Nelle manifestazioni pacifiste, o presunte tali, ho sentito tante belle parole;
appelli ispirati ai grandi nomi del pacifismo; aneddoti strappalacrime come
quello del proiettile diventato penna, per firmare tregue o armistizi.
Idealmente – penso
– nessuno vorrebbe la guerra, a parte qualche idiota o chi ne trae profitto. In
questi giorni ho pensato un po’ a J. R. R. Tolkien e al suo The Lord of the Rings. Théoden, in
particolare, tenta di allontanare la guerra, si nasconde, ma, messo all’angolo,
non sbraita per arrendersi al nemico o per trovare un accordo a tutti i costi
in nome della pace. Perché sa che sarebbe iniqua; sa che comporterebbe la morte
o la schiavitù. E che dopo Rohan cadrebbero altre terre e ci sarebbero altre
sofferenze per l’umanità. Al Fosso di Helm, Théoden entra in una dimensione di
spirito leggera, e sprona i reduci a salire a cavallo, per un’ultima espressione
di indomita libertà.
Ecco, il
significato che do al pacifismo non è la resa di quegli umani che cedono a
Sauron per paura, ma il coraggio del popolo di Rohan. Potreste dire che si
tratta solo di un libro e di un film. Ma non fatelo, per tutte le volte che la
letteratura e il cinema – la cultura – hanno alimentato in voi la forza, il
coraggio, l’equilibrio interiore. Il senso di giustizia. Che non mancava a un
personaggio reale, il padre della non-violenza Mahatma Gāndhī, che sul giornale
Harijan, il 27 ottobre 1947, si esprimeva così: «Tuttavia, sebbene la violenza
non sia lecita, quando viene usata per autodifesa o a protezione degli indifesi
essa è un atto di coraggio di gran lunga migliore della codarda sottomissione.
Quest’ultima non reca beneficio a nessun uomo e a nessuna donna.»
Decima critica: «Con
il missile in Polonia, gli Stati Uniti hanno cercato un pretesto per agire
contro la Russia.»
Se gli Usa
volessero la guerra avrebbero creato un casus
belli; con il missile in Polonia la Nato ha invece abbassato i toni. Lo
stesso Biden, a Bali per il G20, è sùbito stato cauto, non ritenendo verosimile
un attacco russo deliberato, tantomeno in quella forma.

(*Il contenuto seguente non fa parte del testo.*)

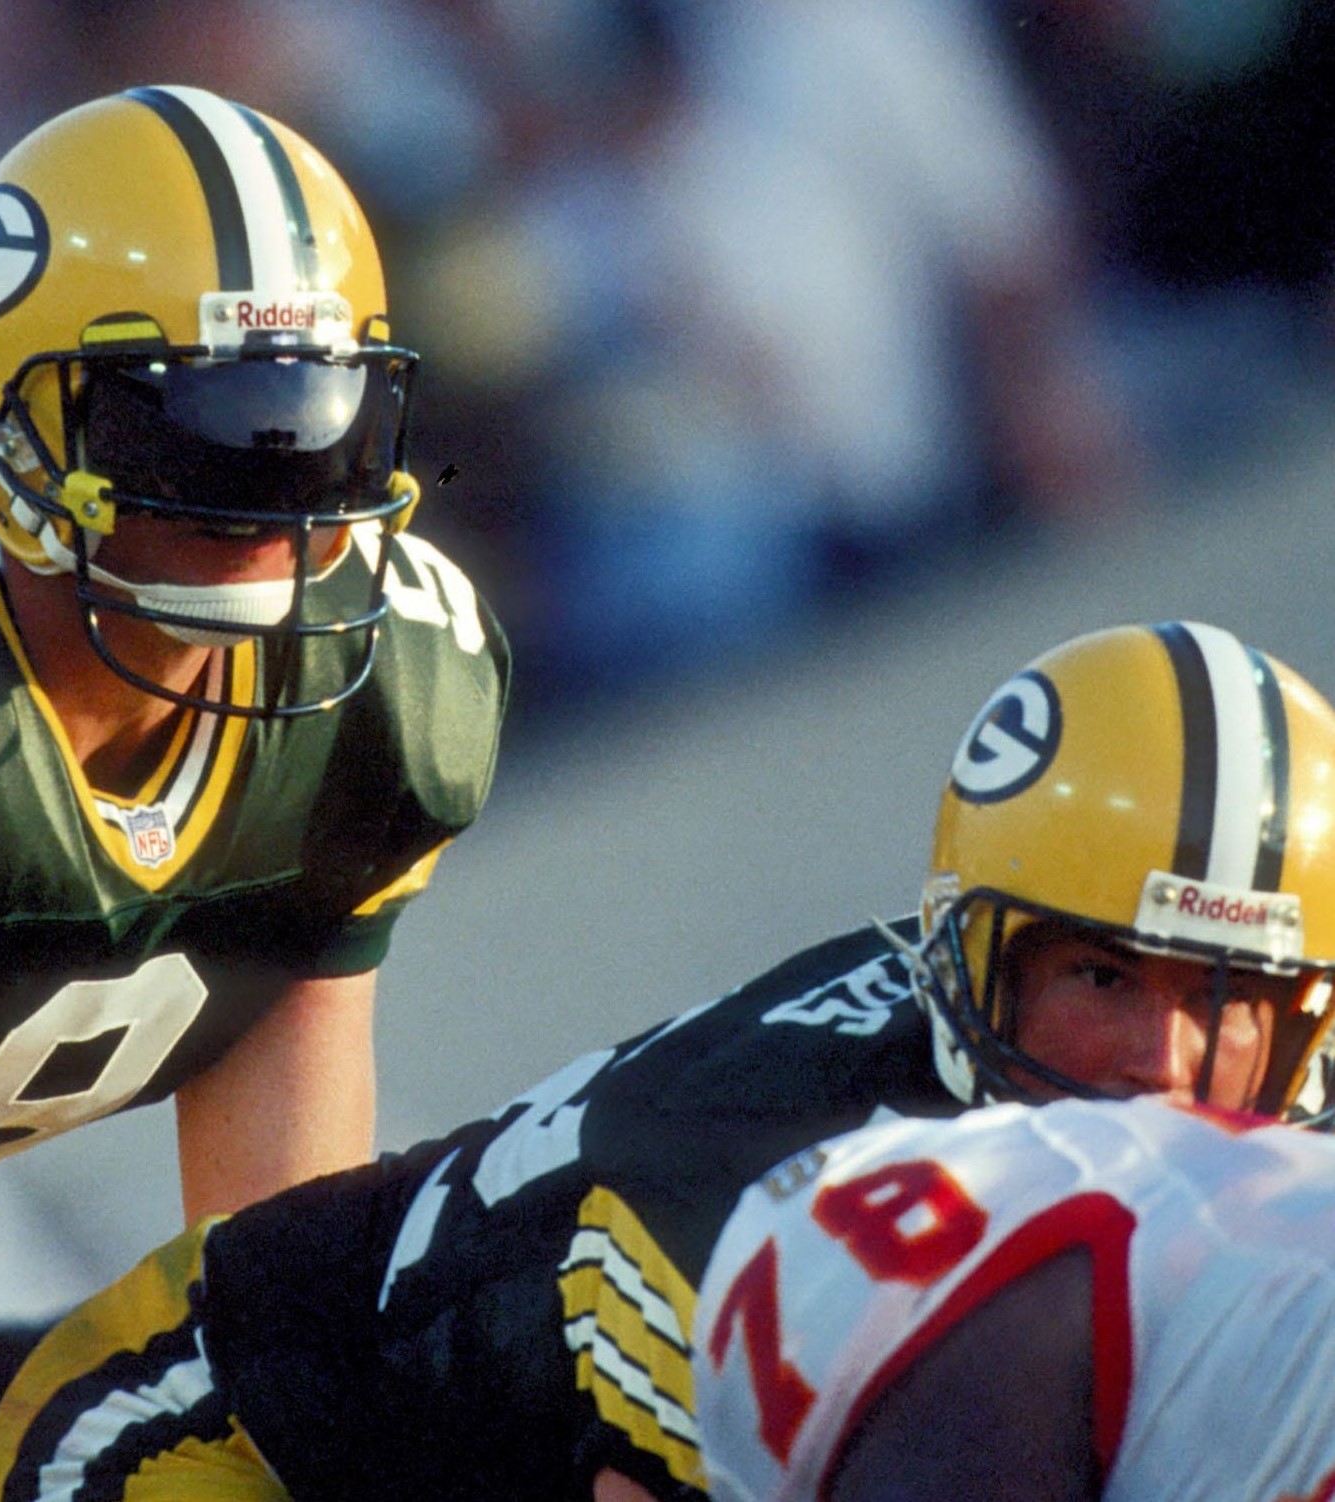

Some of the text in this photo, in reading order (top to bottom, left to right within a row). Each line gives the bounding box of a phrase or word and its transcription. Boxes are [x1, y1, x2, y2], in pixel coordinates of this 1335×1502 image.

[236, 300, 317, 328] Riddell
[951, 678, 1050, 793] G
[137, 829, 169, 858] NFL
[1178, 885, 1268, 926] Riddell
[707, 1158, 988, 1470] 78

Il reale interesse degli Stati Uniti sta nel contenimento della Cina e, anzi, la guerra in Ucraina sta spostando risorse in Europa, permettendo inoltre alla Cina di osservare il modus operandi occidentale in una condizione di guerra. Chi pensa che gli Stati Uniti traggano profitto dalla guerra in Ucraina non si rende conto di quanto ciò avvantaggi i cinesi. Come ricorda Angelo Panebianco in un articolo sul Corriere della Sera (qui), questa non è una guerra per procura, ma una scelta dei cittadini ucraini di opporsi all'invasore.